■ Exercise
Every record here must be set down once more, precisely as it reads.

----

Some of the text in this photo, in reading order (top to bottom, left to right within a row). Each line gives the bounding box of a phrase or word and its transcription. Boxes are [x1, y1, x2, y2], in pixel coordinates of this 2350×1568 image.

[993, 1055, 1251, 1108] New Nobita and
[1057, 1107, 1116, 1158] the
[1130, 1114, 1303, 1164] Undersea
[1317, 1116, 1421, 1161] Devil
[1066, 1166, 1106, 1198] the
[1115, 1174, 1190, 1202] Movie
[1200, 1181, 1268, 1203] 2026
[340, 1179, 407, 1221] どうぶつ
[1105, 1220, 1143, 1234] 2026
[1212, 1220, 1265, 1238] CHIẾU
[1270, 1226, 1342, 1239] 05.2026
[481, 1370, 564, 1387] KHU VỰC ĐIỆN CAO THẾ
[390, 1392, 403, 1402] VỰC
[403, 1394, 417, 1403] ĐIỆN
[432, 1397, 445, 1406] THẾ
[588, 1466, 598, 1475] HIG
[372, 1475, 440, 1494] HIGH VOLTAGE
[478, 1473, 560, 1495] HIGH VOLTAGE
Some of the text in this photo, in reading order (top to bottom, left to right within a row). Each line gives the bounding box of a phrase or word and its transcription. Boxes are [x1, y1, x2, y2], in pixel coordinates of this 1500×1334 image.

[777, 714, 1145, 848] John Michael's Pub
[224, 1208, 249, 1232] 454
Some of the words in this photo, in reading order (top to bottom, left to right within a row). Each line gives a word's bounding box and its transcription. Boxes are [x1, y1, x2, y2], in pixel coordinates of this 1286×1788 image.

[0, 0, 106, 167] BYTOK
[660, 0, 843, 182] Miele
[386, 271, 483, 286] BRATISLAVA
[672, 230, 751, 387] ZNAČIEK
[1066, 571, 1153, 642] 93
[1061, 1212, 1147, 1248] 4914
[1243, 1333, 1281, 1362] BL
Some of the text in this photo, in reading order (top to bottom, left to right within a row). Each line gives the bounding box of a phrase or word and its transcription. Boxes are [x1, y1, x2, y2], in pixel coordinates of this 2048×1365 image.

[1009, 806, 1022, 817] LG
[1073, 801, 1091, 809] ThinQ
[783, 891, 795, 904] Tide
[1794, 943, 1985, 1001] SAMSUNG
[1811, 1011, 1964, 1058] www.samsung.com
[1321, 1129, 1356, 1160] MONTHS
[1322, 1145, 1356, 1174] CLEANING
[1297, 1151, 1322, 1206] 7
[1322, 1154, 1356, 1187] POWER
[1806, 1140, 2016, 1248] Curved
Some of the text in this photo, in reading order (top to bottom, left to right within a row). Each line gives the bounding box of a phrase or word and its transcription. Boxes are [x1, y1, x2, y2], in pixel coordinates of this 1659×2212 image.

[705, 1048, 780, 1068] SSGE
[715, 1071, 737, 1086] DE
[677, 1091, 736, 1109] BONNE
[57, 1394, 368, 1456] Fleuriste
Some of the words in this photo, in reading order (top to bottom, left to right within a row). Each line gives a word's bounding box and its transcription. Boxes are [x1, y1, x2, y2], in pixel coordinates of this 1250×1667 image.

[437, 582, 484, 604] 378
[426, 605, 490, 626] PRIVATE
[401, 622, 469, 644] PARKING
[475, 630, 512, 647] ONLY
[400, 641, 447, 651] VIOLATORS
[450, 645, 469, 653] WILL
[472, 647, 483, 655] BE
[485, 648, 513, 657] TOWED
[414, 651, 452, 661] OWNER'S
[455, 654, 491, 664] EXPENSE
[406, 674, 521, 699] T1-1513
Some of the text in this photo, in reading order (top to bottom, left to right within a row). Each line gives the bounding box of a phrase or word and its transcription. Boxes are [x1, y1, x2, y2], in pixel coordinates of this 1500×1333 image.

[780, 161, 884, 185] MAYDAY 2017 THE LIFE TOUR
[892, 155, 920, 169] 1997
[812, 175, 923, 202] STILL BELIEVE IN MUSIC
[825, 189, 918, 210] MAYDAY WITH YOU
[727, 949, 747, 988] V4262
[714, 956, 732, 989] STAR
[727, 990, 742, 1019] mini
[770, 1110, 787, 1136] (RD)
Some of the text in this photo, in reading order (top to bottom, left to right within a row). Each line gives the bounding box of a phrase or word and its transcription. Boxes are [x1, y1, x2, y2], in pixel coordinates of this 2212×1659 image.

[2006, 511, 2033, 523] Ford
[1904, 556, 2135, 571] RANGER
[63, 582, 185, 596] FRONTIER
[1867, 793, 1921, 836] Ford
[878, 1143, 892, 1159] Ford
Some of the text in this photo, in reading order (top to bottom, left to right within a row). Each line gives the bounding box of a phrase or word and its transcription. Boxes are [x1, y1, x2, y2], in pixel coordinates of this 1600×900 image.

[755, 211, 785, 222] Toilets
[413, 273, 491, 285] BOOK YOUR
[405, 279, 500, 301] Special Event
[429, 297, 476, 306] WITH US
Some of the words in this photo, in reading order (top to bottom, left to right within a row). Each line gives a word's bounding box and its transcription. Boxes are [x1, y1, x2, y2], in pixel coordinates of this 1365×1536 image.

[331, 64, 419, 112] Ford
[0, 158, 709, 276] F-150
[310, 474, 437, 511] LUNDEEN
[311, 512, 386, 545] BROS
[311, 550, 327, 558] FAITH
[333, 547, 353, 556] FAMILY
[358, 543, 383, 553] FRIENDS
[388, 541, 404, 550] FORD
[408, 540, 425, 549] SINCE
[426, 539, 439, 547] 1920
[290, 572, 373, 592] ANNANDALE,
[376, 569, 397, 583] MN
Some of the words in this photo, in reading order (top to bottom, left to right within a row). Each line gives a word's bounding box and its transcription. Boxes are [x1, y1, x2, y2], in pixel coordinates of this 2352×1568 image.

----

■ Result for this task
Some of the text in this photo, in reading order (top to bottom, left to right within a row). Each line gives the bounding box of a phrase or word and its transcription. Boxes are [x1, y1, x2, y2], in pixel coordinates of this 2350×1568 image.

[993, 1055, 1251, 1108] New Nobita and
[1057, 1107, 1116, 1158] the
[1130, 1114, 1303, 1164] Undersea
[1317, 1116, 1421, 1161] Devil
[1066, 1166, 1106, 1198] the
[1115, 1174, 1190, 1202] Movie
[1200, 1181, 1268, 1203] 2026
[340, 1179, 407, 1221] どうぶつ
[1105, 1220, 1143, 1234] 2026
[1212, 1220, 1265, 1238] CHIẾU
[1270, 1226, 1342, 1239] 05.2026
[481, 1370, 564, 1387] KHU VỰC ĐIỆN CAO THẾ
[390, 1392, 403, 1402] VỰC
[403, 1394, 417, 1403] ĐIỆN
[432, 1397, 445, 1406] THẾ
[588, 1466, 598, 1475] HIG
[372, 1475, 440, 1494] HIGH VOLTAGE
[478, 1473, 560, 1495] HIGH VOLTAGE
Some of the text in this photo, in reading order (top to bottom, left to right within a row). Each line gives the bounding box of a phrase or word and its transcription. Boxes are [x1, y1, x2, y2], in pixel coordinates of this 1500×1334 image.

[777, 714, 1145, 848] John Michael's Pub
[224, 1208, 249, 1232] 454
Some of the words in this photo, in reading order (top to bottom, left to right within a row). Each line gives a word's bounding box and its transcription. Boxes are [x1, y1, x2, y2], in pixel coordinates of this 1286×1788 image.

[0, 0, 106, 167] BYTOK
[660, 0, 843, 182] Miele
[386, 271, 483, 286] BRATISLAVA
[672, 230, 751, 387] ZNAČIEK
[1066, 571, 1153, 642] 93
[1061, 1212, 1147, 1248] 4914
[1243, 1333, 1281, 1362] BL
Some of the text in this photo, in reading order (top to bottom, left to right within a row). Each line gives the bounding box of a phrase or word and its transcription. Boxes are [x1, y1, x2, y2], in pixel coordinates of this 2048×1365 image.

[1009, 806, 1022, 817] LG
[1073, 801, 1091, 809] ThinQ
[783, 891, 795, 904] Tide
[1794, 943, 1985, 1001] SAMSUNG
[1811, 1011, 1964, 1058] www.samsung.com
[1321, 1129, 1356, 1160] MONTHS
[1322, 1145, 1356, 1174] CLEANING
[1297, 1151, 1322, 1206] 7
[1322, 1154, 1356, 1187] POWER
[1806, 1140, 2016, 1248] Curved
Some of the text in this photo, in reading order (top to bottom, left to right within a row). Each line gives the bounding box of a phrase or word and its transcription. Boxes are [x1, y1, x2, y2], in pixel coordinates of this 1659×2212 image.

[705, 1048, 780, 1068] SSGE
[715, 1071, 737, 1086] DE
[677, 1091, 736, 1109] BONNE
[57, 1394, 368, 1456] Fleuriste
Some of the words in this photo, in reading order (top to bottom, left to right within a row). Each line gives a word's bounding box and its transcription. Boxes are [x1, y1, x2, y2], in pixel coordinates of this 1250×1667 image.

[437, 582, 484, 604] 378
[426, 605, 490, 626] PRIVATE
[401, 622, 469, 644] PARKING
[475, 630, 512, 647] ONLY
[400, 641, 447, 651] VIOLATORS
[450, 645, 469, 653] WILL
[472, 647, 483, 655] BE
[485, 648, 513, 657] TOWED
[414, 651, 452, 661] OWNER'S
[455, 654, 491, 664] EXPENSE
[406, 674, 521, 699] T1-1513
Some of the text in this photo, in reading order (top to bottom, left to right within a row). Each line gives the bounding box of a phrase or word and its transcription. Boxes are [x1, y1, x2, y2], in pixel coordinates of this 1500×1333 image.

[780, 161, 884, 185] MAYDAY 2017 THE LIFE TOUR
[892, 155, 920, 169] 1997
[812, 175, 923, 202] STILL BELIEVE IN MUSIC
[825, 189, 918, 210] MAYDAY WITH YOU
[727, 949, 747, 988] V4262
[714, 956, 732, 989] STAR
[727, 990, 742, 1019] mini
[770, 1110, 787, 1136] (RD)
Some of the text in this photo, in reading order (top to bottom, left to right within a row). Each line gives the bounding box of a phrase or word and its transcription. Boxes are [x1, y1, x2, y2], in pixel coordinates of this 2212×1659 image.

[2006, 511, 2033, 523] Ford
[1904, 556, 2135, 571] RANGER
[63, 582, 185, 596] FRONTIER
[1867, 793, 1921, 836] Ford
[878, 1143, 892, 1159] Ford
Some of the text in this photo, in reading order (top to bottom, left to right within a row). Each line gives the bounding box of a phrase or word and its transcription. Boxes are [x1, y1, x2, y2], in pixel coordinates of this 1600×900 image.

[755, 211, 785, 222] Toilets
[413, 273, 491, 285] BOOK YOUR
[405, 279, 500, 301] Special Event
[429, 297, 476, 306] WITH US
Some of the words in this photo, in reading order (top to bottom, left to right within a row). Each line gives a word's bounding box and its transcription. Boxes are [x1, y1, x2, y2], in pixel coordinates of this 1365×1536 image.

[331, 64, 419, 112] Ford
[0, 158, 709, 276] F-150
[310, 474, 437, 511] LUNDEEN
[311, 512, 386, 545] BROS
[311, 550, 327, 558] FAITH
[333, 547, 353, 556] FAMILY
[358, 543, 383, 553] FRIENDS
[388, 541, 404, 550] FORD
[408, 540, 425, 549] SINCE
[426, 539, 439, 547] 1920
[290, 572, 373, 592] ANNANDALE,
[376, 569, 397, 583] MN
Some of the words in this photo, in reading order (top to bottom, left to right within a row). Each line gives a word's bounding box and its transcription. Boxes are [x1, y1, x2, y2], in pixel coordinates of this 2352×1568 image.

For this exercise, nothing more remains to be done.